Material for this task –
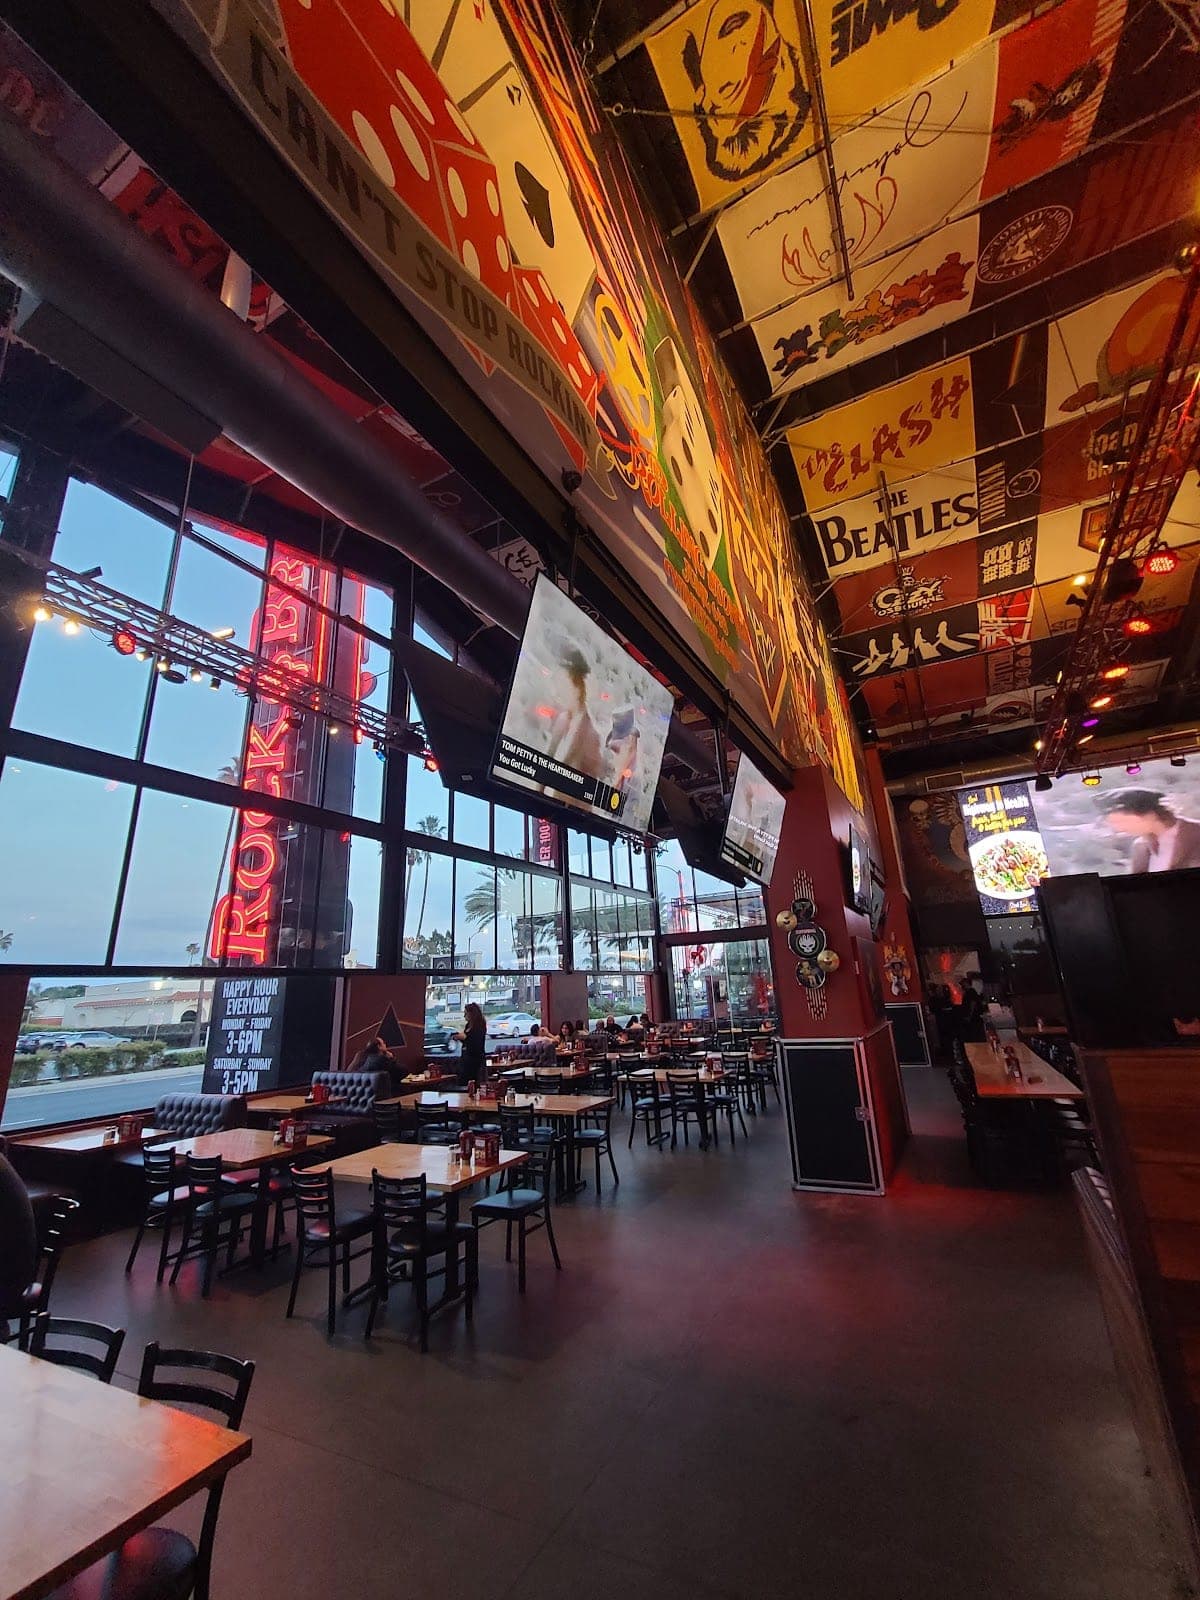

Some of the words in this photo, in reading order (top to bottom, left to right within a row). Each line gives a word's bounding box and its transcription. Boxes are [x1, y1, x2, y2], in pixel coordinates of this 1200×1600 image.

[416, 240, 499, 341] STOP
[823, 375, 969, 492] CLASH
[873, 489, 909, 513] THE
[816, 492, 980, 567] BEATLES
[499, 753, 510, 764] You
[510, 758, 521, 770] Got
[521, 762, 537, 777] Lucky
[502, 740, 516, 754] TOM
[516, 746, 533, 761] PETTY
[532, 754, 538, 764] &
[538, 757, 548, 768] THE
[548, 761, 584, 785] HEARTBREAKERS
[222, 980, 253, 998] HAPPY
[253, 978, 279, 996] HOUR
[226, 997, 271, 1015] EVERYDAY
[221, 1018, 246, 1030] MONDAY
[250, 1017, 272, 1029] FRIDAY
[226, 1030, 263, 1054] 3-6PM
[213, 1058, 242, 1070] SATURDAY
[247, 1058, 272, 1070] SUNDAY
[222, 1071, 258, 1094] 3-5PM
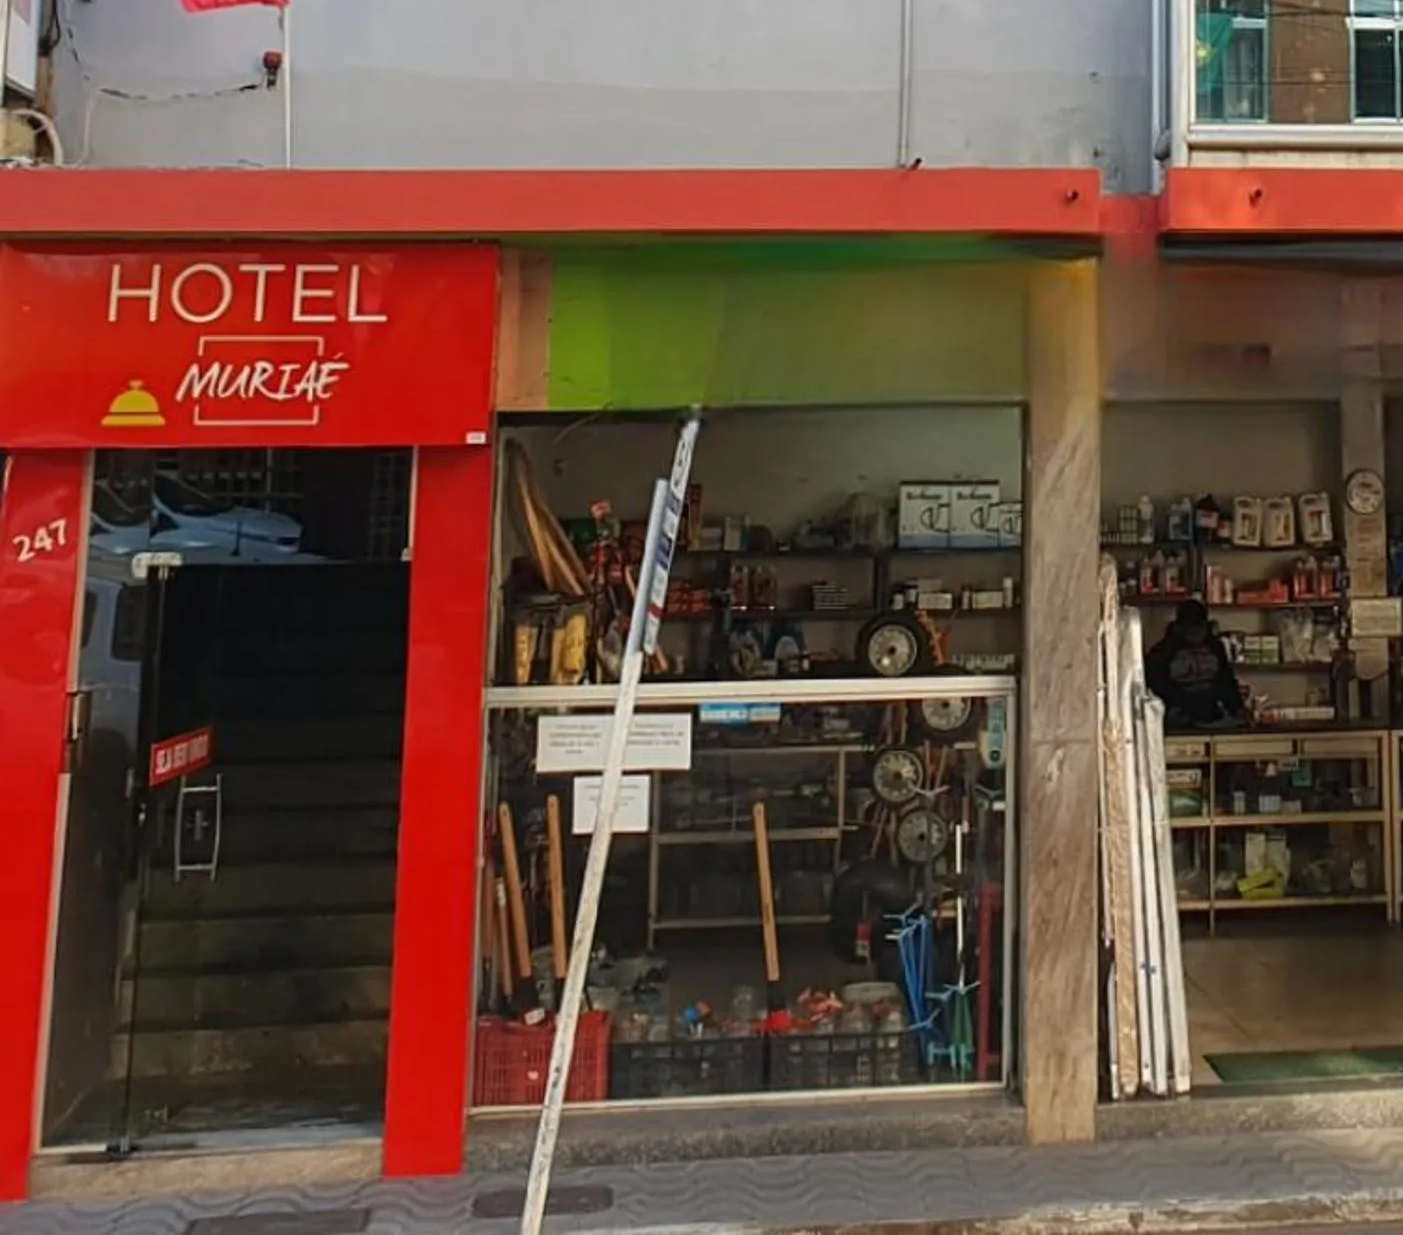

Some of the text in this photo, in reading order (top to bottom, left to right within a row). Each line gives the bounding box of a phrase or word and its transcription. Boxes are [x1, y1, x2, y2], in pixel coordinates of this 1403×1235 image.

[108, 263, 388, 323] HOTEL
[176, 353, 349, 401] MURIAÉ
[13, 519, 67, 562] 247

Work item – Leave the images out and print each entry exactly.

Answer to this task –
Some of the words in this photo, in reading order (top to bottom, left to right within a row). Each line gives a word's bounding box and its transcription. Boxes are [x1, y1, x2, y2], in pixel coordinates of this 1200×1600 image.

[416, 240, 499, 341] STOP
[823, 375, 969, 492] CLASH
[873, 489, 909, 513] THE
[816, 492, 980, 567] BEATLES
[499, 753, 510, 764] You
[510, 758, 521, 770] Got
[521, 762, 537, 777] Lucky
[502, 740, 516, 754] TOM
[516, 746, 533, 761] PETTY
[532, 754, 538, 764] &
[538, 757, 548, 768] THE
[548, 761, 584, 785] HEARTBREAKERS
[222, 980, 253, 998] HAPPY
[253, 978, 279, 996] HOUR
[226, 997, 271, 1015] EVERYDAY
[221, 1018, 246, 1030] MONDAY
[250, 1017, 272, 1029] FRIDAY
[226, 1030, 263, 1054] 3-6PM
[213, 1058, 242, 1070] SATURDAY
[247, 1058, 272, 1070] SUNDAY
[222, 1071, 258, 1094] 3-5PM

Some of the text in this photo, in reading order (top to bottom, left to right within a row). Each line gives the bounding box of a phrase or word and its transcription. Boxes are [x1, y1, x2, y2], in pixel coordinates of this 1403×1235 image.

[108, 263, 388, 323] HOTEL
[176, 353, 349, 401] MURIAÉ
[13, 519, 67, 562] 247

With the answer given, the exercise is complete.